WHAT YOU NEED TO DO ▸ Drop the pictures, then extract the listing word for word.

INPUT RECORDS ▸
•••••

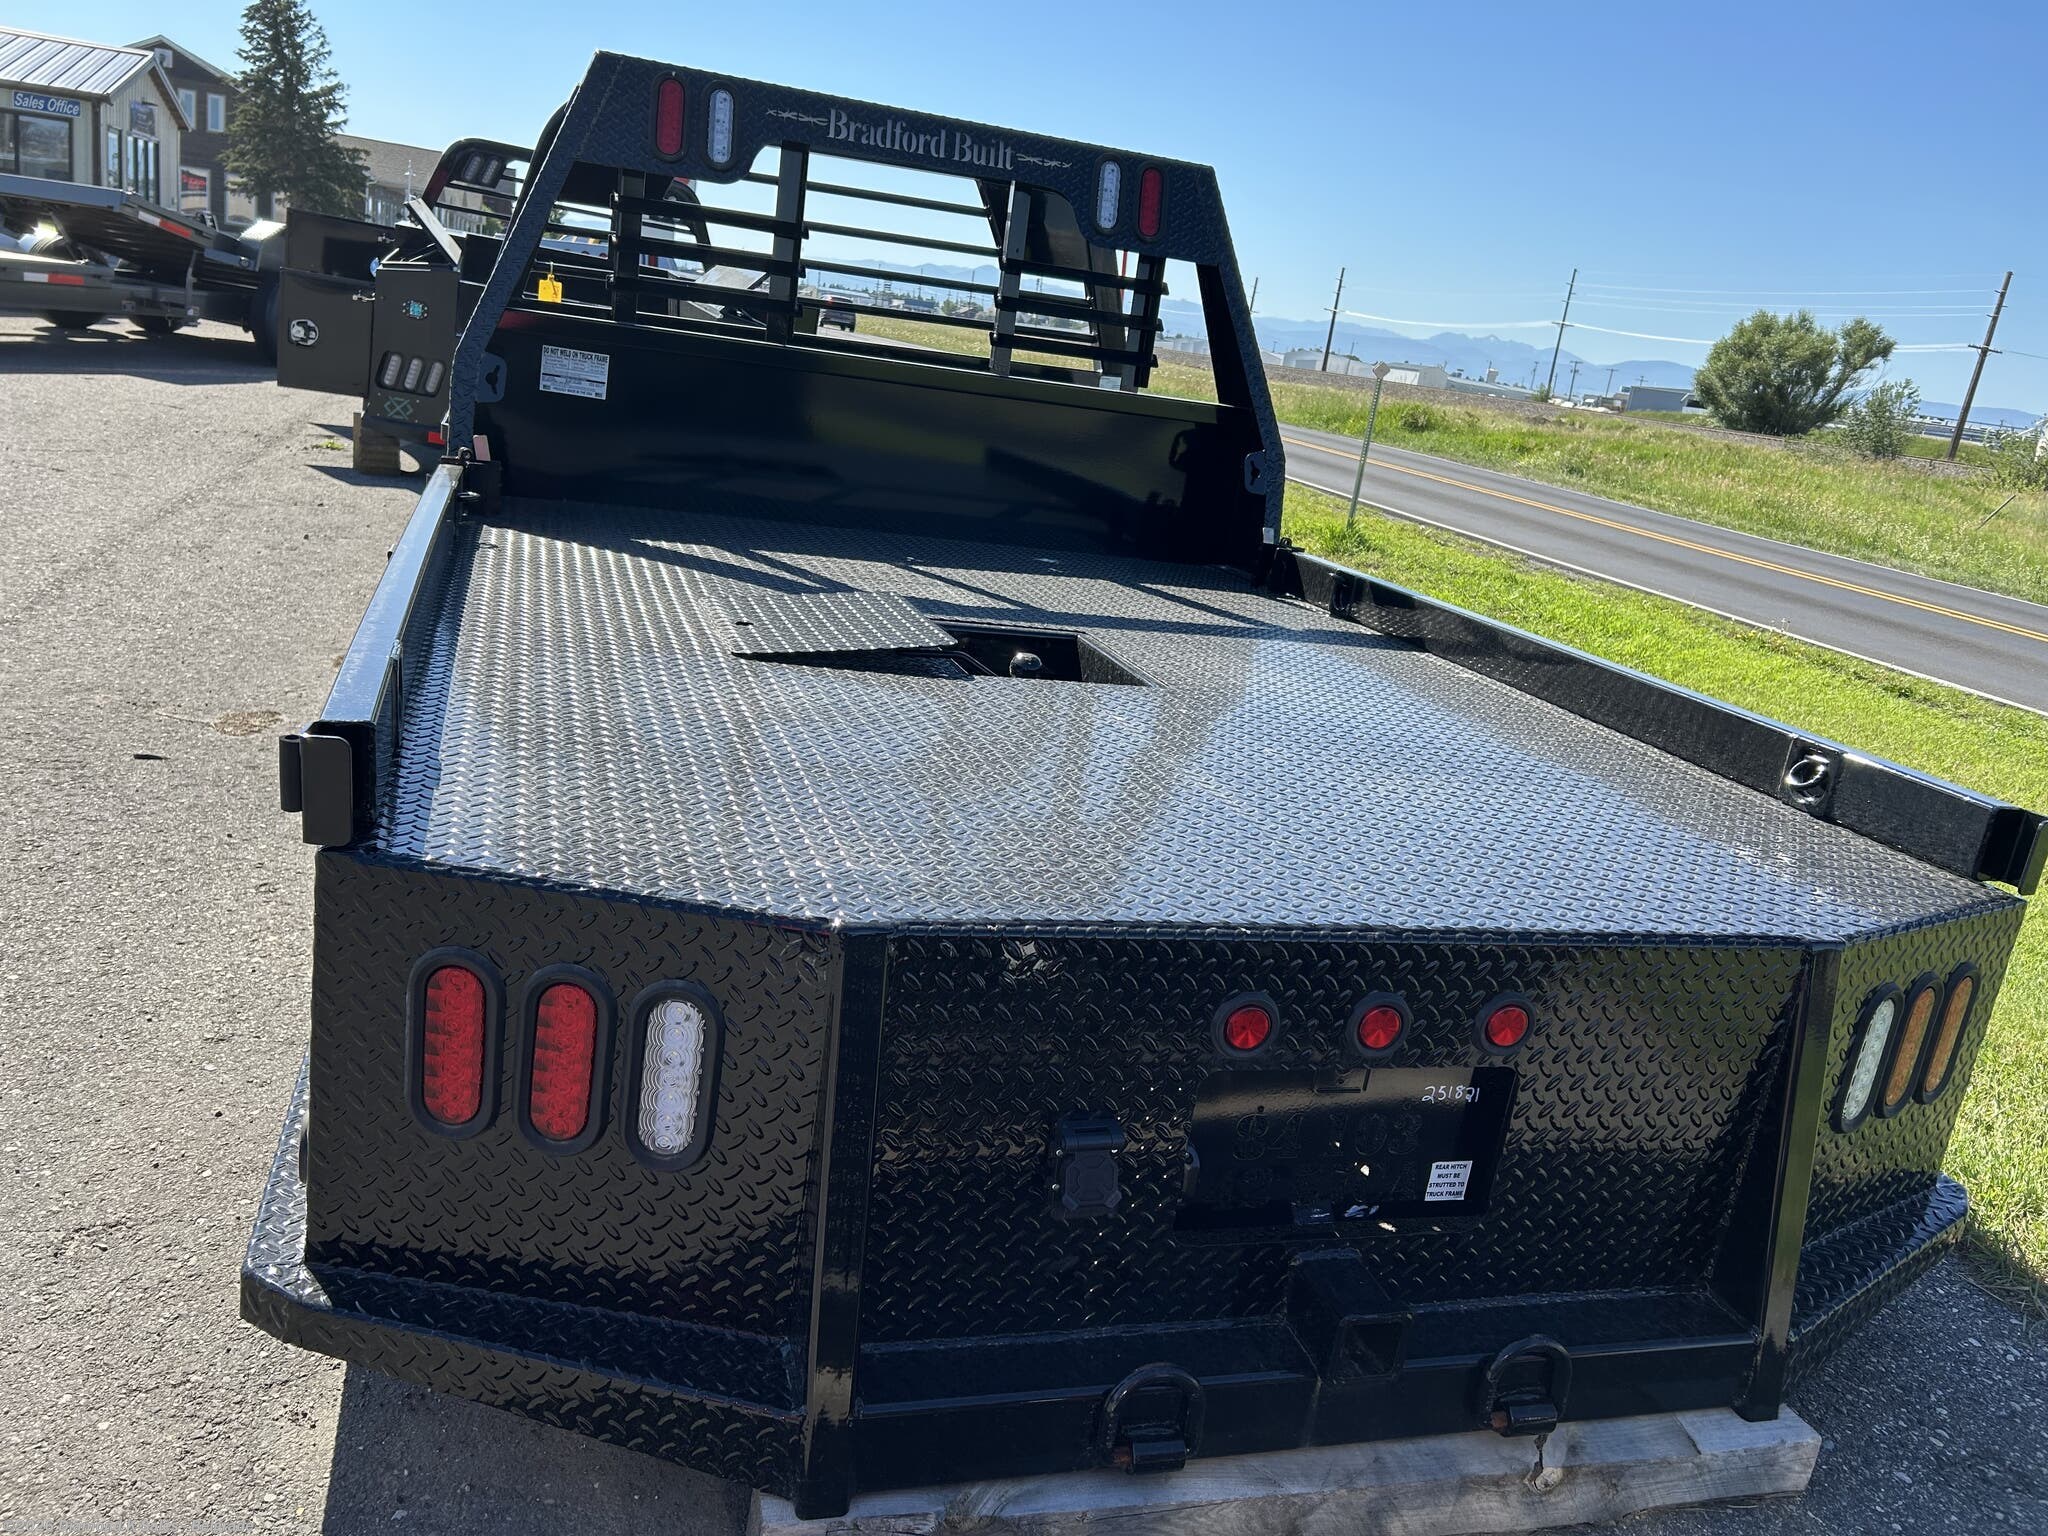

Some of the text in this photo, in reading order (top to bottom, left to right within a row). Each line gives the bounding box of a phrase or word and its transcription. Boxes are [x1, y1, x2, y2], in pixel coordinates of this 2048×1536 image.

[15, 93, 80, 115] Sales Office
[827, 109, 1015, 170] Bradford Built
[551, 347, 559, 355] NOT
[560, 348, 571, 357] WELD
[572, 350, 578, 358] ON
[579, 351, 593, 360] TRUCK
[594, 353, 608, 363] FRAME
[1421, 1085, 1480, 1103] 251821
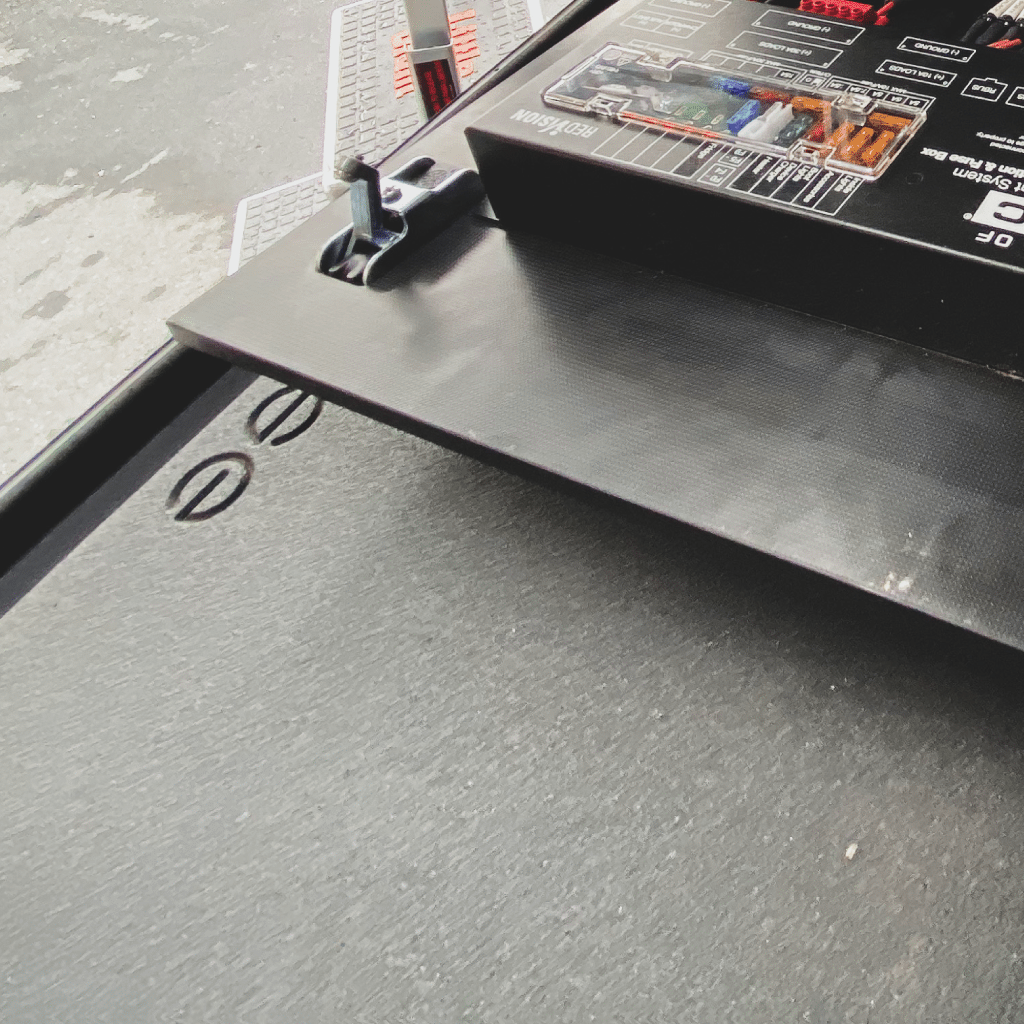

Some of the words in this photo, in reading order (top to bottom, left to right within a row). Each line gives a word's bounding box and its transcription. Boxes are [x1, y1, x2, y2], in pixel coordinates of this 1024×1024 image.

[787, 20, 821, 31] GROUND
[758, 41, 786, 51] LOADS
[914, 42, 950, 54] GROUND
[888, 65, 917, 76] LOADS
[918, 70, 932, 79] 10A
[971, 84, 997, 94] RBUS
[697, 143, 717, 159] Fridge
[920, 147, 948, 162] Box
[948, 153, 984, 169] Fuse
[984, 161, 997, 172] &
[766, 161, 789, 183] Charger
[777, 162, 798, 181] Device
[792, 166, 811, 182] Lights
[803, 167, 819, 181] Boot
[952, 167, 1012, 190] System
[803, 171, 835, 203] Accessories
[834, 175, 853, 192] Lights
[974, 230, 1014, 248] OF
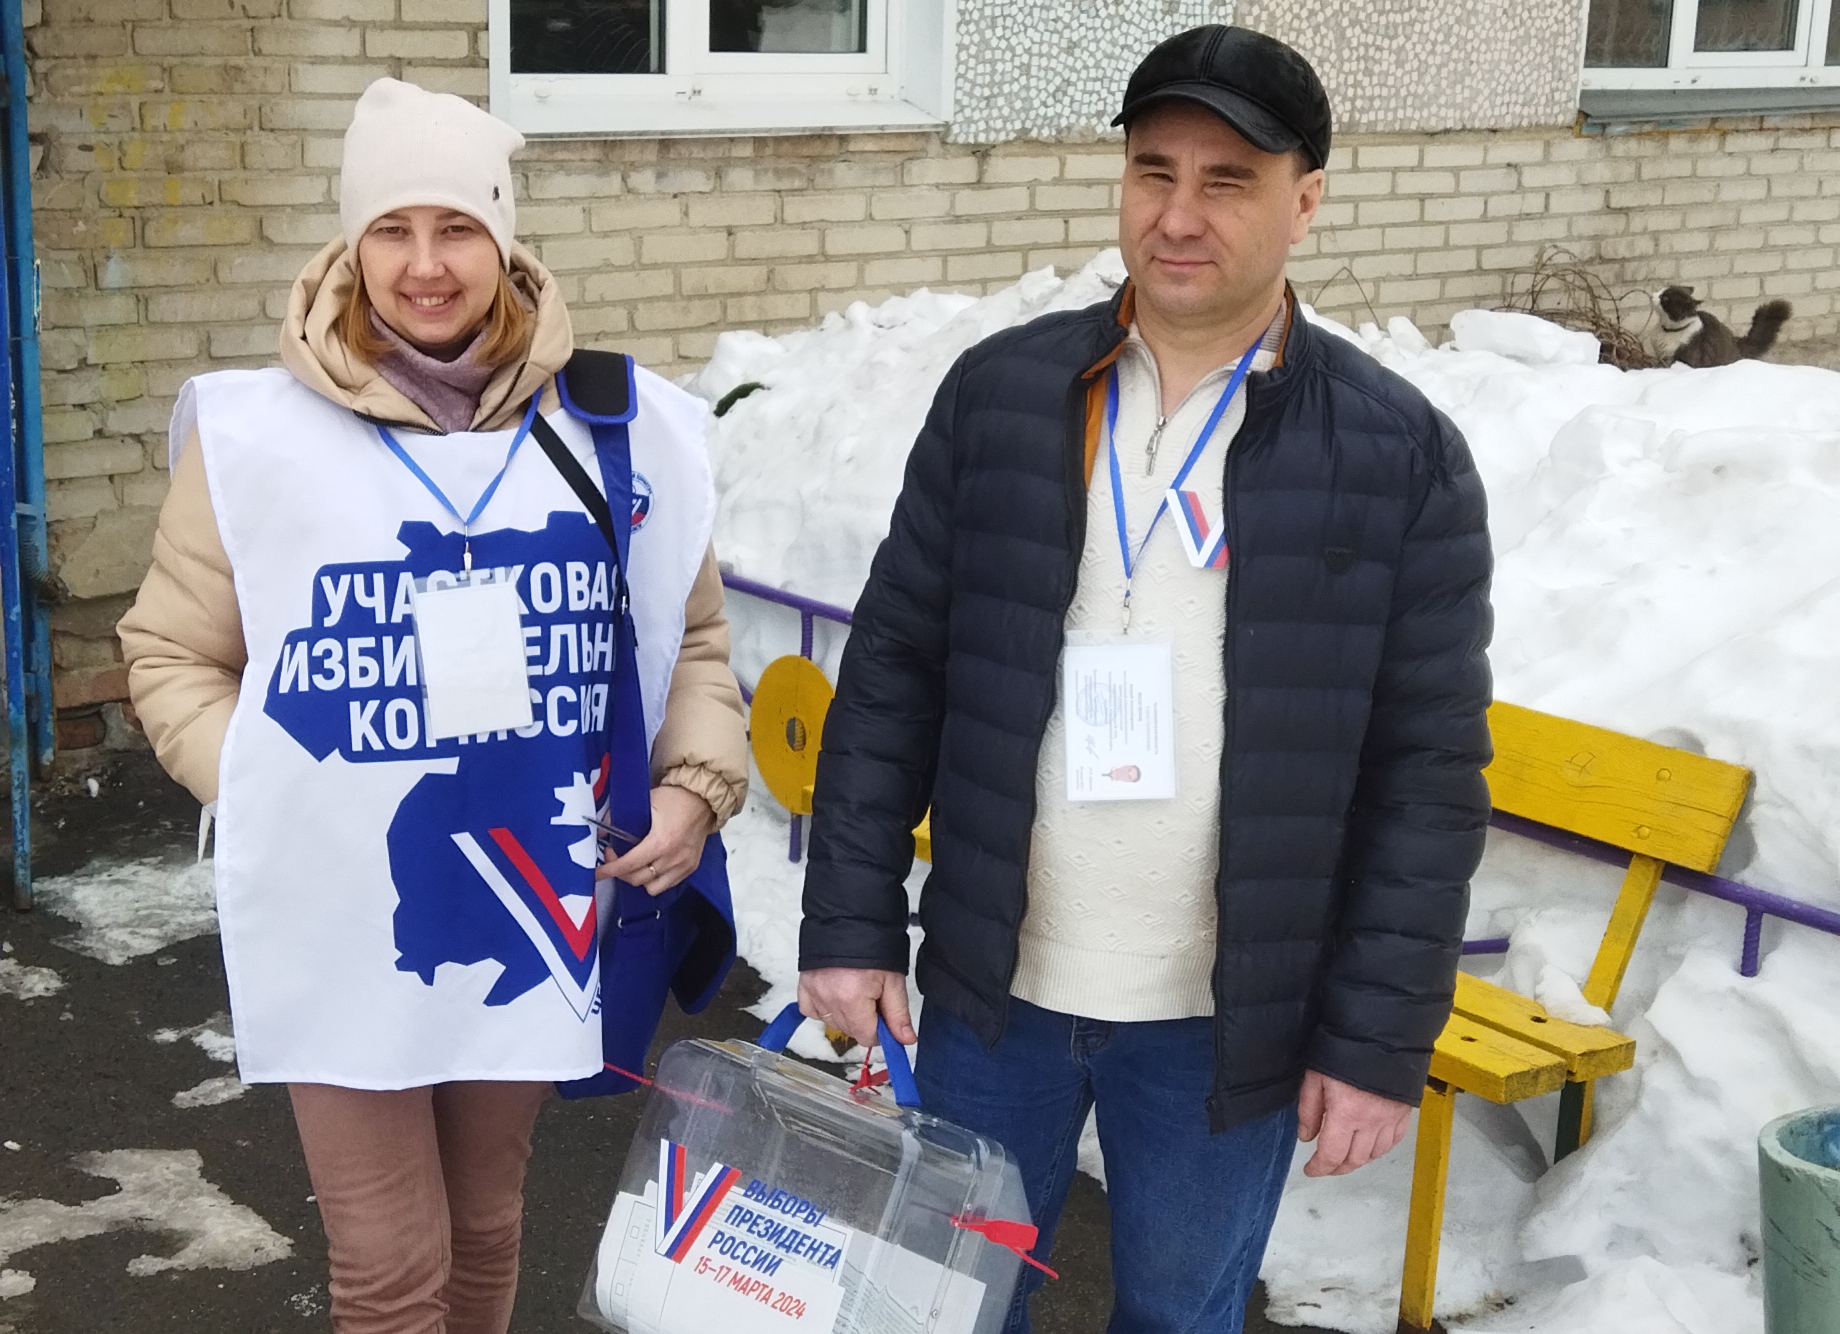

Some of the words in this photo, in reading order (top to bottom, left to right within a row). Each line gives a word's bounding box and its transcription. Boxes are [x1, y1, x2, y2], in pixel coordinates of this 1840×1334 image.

•••••

SOLUTION FOR THIS TASK ▸
Some of the text in this photo, in reading order (top to bottom, left to right within a row). Each line gives the bounding box of a phrase or word and its transcription. Boxes are [x1, y1, x2, y2], in pixel coordinates of this 2048×1536 image.

[15, 93, 80, 115] Sales Office
[827, 109, 1015, 170] Bradford Built
[551, 347, 559, 355] NOT
[560, 348, 571, 357] WELD
[572, 350, 578, 358] ON
[579, 351, 593, 360] TRUCK
[594, 353, 608, 363] FRAME
[1421, 1085, 1480, 1103] 251821

Some of the words in this photo, in reading order (top to bottom, left to right within a row). Each line gives a word's bounding box and its transcription. Boxes are [x1, y1, x2, y2], in pixel coordinates of this 1024×1024 image.

[787, 20, 821, 31] GROUND
[758, 41, 786, 51] LOADS
[914, 42, 950, 54] GROUND
[888, 65, 917, 76] LOADS
[918, 70, 932, 79] 10A
[971, 84, 997, 94] RBUS
[697, 143, 717, 159] Fridge
[920, 147, 948, 162] Box
[948, 153, 984, 169] Fuse
[984, 161, 997, 172] &
[766, 161, 789, 183] Charger
[777, 162, 798, 181] Device
[792, 166, 811, 182] Lights
[803, 167, 819, 181] Boot
[952, 167, 1012, 190] System
[803, 171, 835, 203] Accessories
[834, 175, 853, 192] Lights
[974, 230, 1014, 248] OF

Some of the words in this photo, in reading order (top to bottom, left to right within a row). Each line gives a word's bounding box and its transcription. Boxes are [x1, y1, x2, y2], in pixel coordinates of this 1840×1334 image.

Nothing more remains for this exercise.